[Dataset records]

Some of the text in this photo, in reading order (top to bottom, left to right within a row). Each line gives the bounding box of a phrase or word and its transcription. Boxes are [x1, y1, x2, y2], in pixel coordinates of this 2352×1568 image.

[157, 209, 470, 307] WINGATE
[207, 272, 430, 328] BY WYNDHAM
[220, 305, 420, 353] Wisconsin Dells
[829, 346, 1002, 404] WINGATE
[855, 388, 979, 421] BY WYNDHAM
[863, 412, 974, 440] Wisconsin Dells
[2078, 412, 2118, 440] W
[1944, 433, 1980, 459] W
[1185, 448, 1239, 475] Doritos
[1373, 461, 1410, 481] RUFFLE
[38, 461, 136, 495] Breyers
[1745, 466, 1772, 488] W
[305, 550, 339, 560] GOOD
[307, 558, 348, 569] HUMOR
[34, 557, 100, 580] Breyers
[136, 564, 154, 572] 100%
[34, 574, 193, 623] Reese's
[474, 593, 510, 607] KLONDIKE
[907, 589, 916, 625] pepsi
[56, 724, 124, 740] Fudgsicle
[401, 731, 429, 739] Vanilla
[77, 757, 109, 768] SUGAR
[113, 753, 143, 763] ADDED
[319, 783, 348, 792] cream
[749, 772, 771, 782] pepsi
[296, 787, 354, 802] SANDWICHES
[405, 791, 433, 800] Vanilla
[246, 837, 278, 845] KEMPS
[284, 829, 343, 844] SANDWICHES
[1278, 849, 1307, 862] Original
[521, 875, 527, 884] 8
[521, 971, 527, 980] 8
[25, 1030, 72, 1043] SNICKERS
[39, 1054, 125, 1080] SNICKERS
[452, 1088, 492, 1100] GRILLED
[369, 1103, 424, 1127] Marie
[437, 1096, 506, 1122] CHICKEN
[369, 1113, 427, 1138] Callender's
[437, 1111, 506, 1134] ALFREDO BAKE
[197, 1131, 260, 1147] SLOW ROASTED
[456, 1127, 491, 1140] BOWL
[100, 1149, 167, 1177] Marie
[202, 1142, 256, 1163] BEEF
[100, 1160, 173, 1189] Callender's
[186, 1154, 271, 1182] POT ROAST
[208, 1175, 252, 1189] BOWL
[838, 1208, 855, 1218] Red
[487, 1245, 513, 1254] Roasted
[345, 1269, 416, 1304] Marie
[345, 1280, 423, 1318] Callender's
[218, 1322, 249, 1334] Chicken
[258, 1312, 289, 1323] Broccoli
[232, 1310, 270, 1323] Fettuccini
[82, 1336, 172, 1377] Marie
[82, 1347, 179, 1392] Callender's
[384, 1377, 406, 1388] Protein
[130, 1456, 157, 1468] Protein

*AIM OF THE EXERCISE*:
If a line of the records above contains the word "Wisconsin", count it; then give the total and nothing more.

*WRITTEN ANSWER*:
2